3α-Hydroxy-5α-pregnan-20-one (allopregnanolone) (Steraloids Inc. Newport, RI) was first dissolved into DMSO (1 mM) and then diluted into ACSF. D-(−) 2-amino-5-phosphonovaleric acid (D-APV) (Fisher) was dissolved in water to make a stock solution (40 mM). Picrotoxin (Sigma) was directly dissolved into ACSF. 6,7-Dinitroquinoxaline-2,3 (1H, 4H)-dione (DNQX) (Sigma) was prepared as a stock solution in DMSO (0.2 M). TTX in citrate buffer (Sigma) was prepared as a stock solution (1 mM). ATP, GTP, and lidocaine N-ethyl bromide (QX-314) were directly dissolved into the intracellular pipette solution. In experiments using compounds dissolved in DMSO, the same concentration of DMSO was used in control ACSF.

Results

We first examined ALLO effects on membrane properties of Ce neurons. Ce neurons were recorded in current clamp mode with intracellular solution B (see methods). The average resting membrane potential in Ce neurons was −67.6 ± 1.2 mV in control conditions and −67.7 ± 1.3 mV after bath application of ALLO (100 nM), with no significant change (n = 8). The input resistance of Ce neurons was 262 ± 33 MΩ before and 275 ± 38 MΩ after ALLO (n = 8). ALLO did not change the current-voltage (I-V) relationship in Ce neurons. Neurons showed a wide range in the number of spikes in response to a depolarizing current injection (150 pA, 600ms) ranging from 2 to 18. All neurons recorded in current clamp mode in Ce (n = 8) showed spike accommodation and the pattern of spike accommodation was very similar before and after ALLO application. These results indicate that membrane properties of Ce neurons are not altered by ALLO.
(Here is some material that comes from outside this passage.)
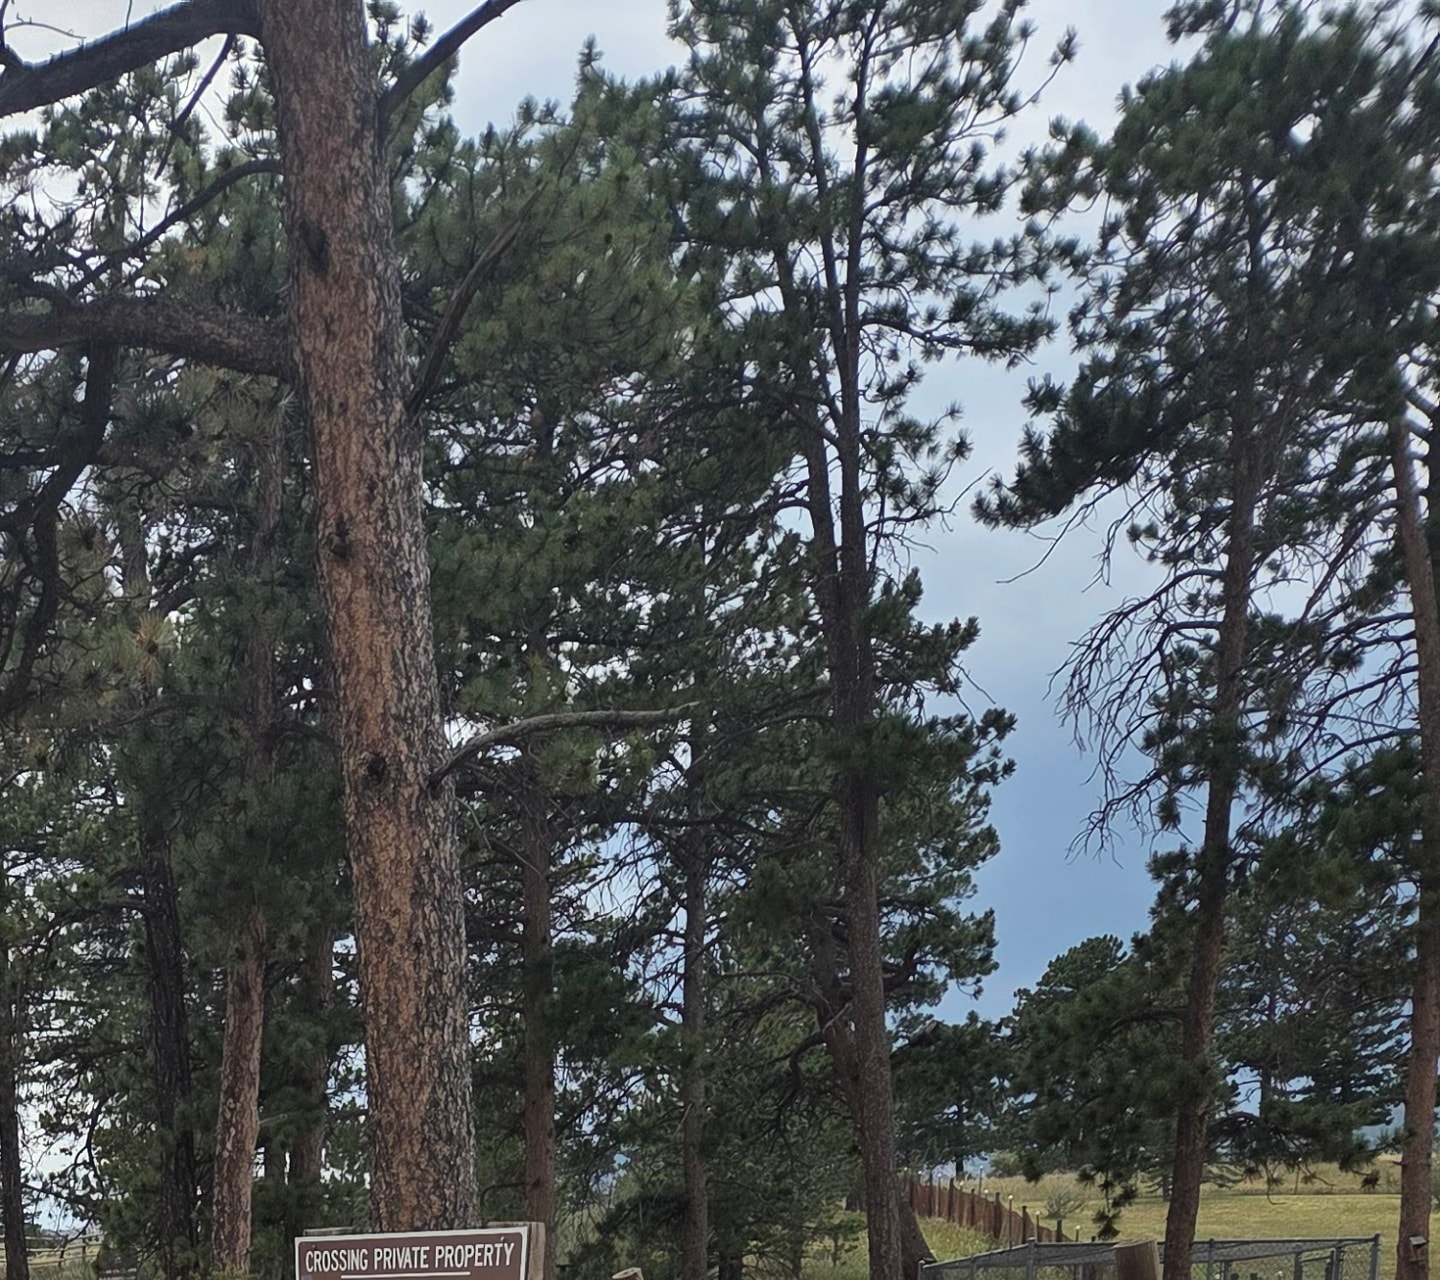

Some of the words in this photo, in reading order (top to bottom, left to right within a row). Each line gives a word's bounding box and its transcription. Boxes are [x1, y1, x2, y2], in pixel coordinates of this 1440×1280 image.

To examine GABAergic transmission in the central amygdala, we recorded evoked IPSCs (eIPSCs) in Ce neurons in response to stimulation at the lateral margin of Ce. We first confirmed that the reversal potential of the eIPSC was between −65 and −70 mV in Ce neurons (Fig. 1a). However, to evaluate the possibility that ALLO was having effects on intact neural networks, we subsequently isolated IPSCs using a holding potential of 0 mV (near the reversal potential for the glutamate receptor-mediated responses). As shown in Fig. 1b, picrotoxin (PTX, 100 μM, a GABAA receptor channel blocker) completely blocked the eIPSCs, with little residual current remaining from potential excitatory postsynaptic currents (including NMDA or AMPA currents). These data demonstrate that the recorded eIPSCs reflect a relatively pure GABAergic current.

After bath application of ALLO at a physiological concentration (100 nM), the amplitude of eIPSCs in Ce neurons was significantly reduced, with an average reduction of 31.0 ± 4.0% (n = 8, p< 0.01, paired t-test, Fig. 1c, d). In general, we saw no reversal of the ALLO effect upon re-superfusion with control medium up to 30 minutes (n=4). No rundown of the eIPSCs was observed in the recorded neurons in control conditions. Since ALLO is known to directly enhance GABAA receptor function in other systems involving dissociated neurons (Poisbeau et al 1997; Haage et al 1999; Sooksawate and Simmonds 1998), we determined if ALLO-induced decreases in GABAergic transmission in Ce depend on neural network activities.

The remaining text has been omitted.